Neither of us have been out in ages. The cabin fever is real. True, my friend has snowy winter to contend with — seeing as they still live up North (where I’m from). Me, I moved to the South a few years ago for work reasons, so wintry days happen, but the ground never fully freezes. Snow is rare and when it happens, it doesn’t stick around for more than a day.

And really, anything wintry is a freak accident of a day. It hits you like a mistake, not a season.

So she has double cabin fever. But I’m still feeling a bit like Rapunzel myself — stuck up high, staring out of a window, my hair growing longer and longer.

“I think the hardest part,” she continues, “is how there’s nothing to do. And not only that, at the same time that there’s nothing really to do, there’s also too much.”

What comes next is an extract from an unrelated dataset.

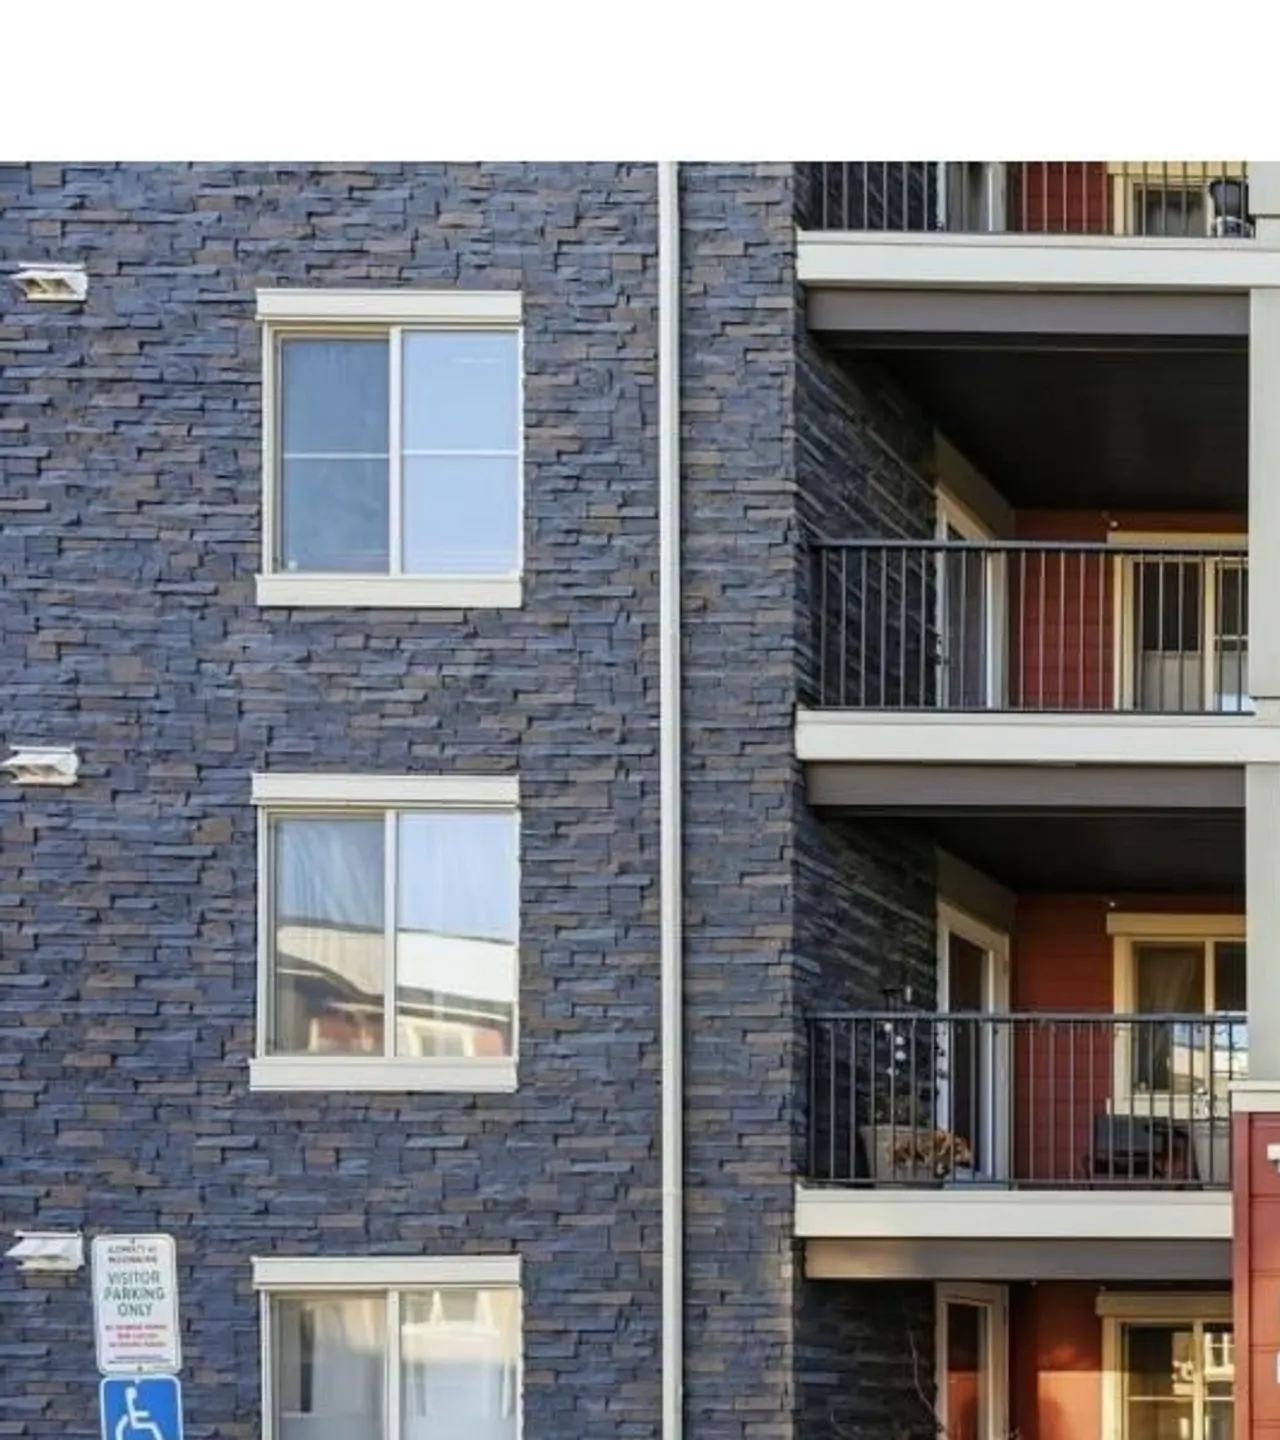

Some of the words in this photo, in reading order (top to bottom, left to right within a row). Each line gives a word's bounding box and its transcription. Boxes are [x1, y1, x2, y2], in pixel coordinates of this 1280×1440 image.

I nod, sitting in my apartment hundreds of miles away from her. “You’re bored, but you still have a million little things to do. You still have to work, clean, and cook. The mundane stuff doesn’t go away just because you’re stuck inside during a pandemic.”

“Exactly,” she says. “And at the same time, I feel like I can’t do anything that _really _matters.”

“Oh c’mon,” I tell her, “you’ve donated to food banks. You’ve voted.” I feel a little defensive, since we’re doing the same things. “I know it never feels like enough,” I continue, “and maybe it isn’t enough. But it does matter. And no one can do enough on their own, so it’s not fair to be so hard on yourself.”

“I suppose you’re right,” she says — and boy does that give me a shot of sorely needed dopamine. It makes my body feel like I accomplished something, a feeling that is in short supply these days.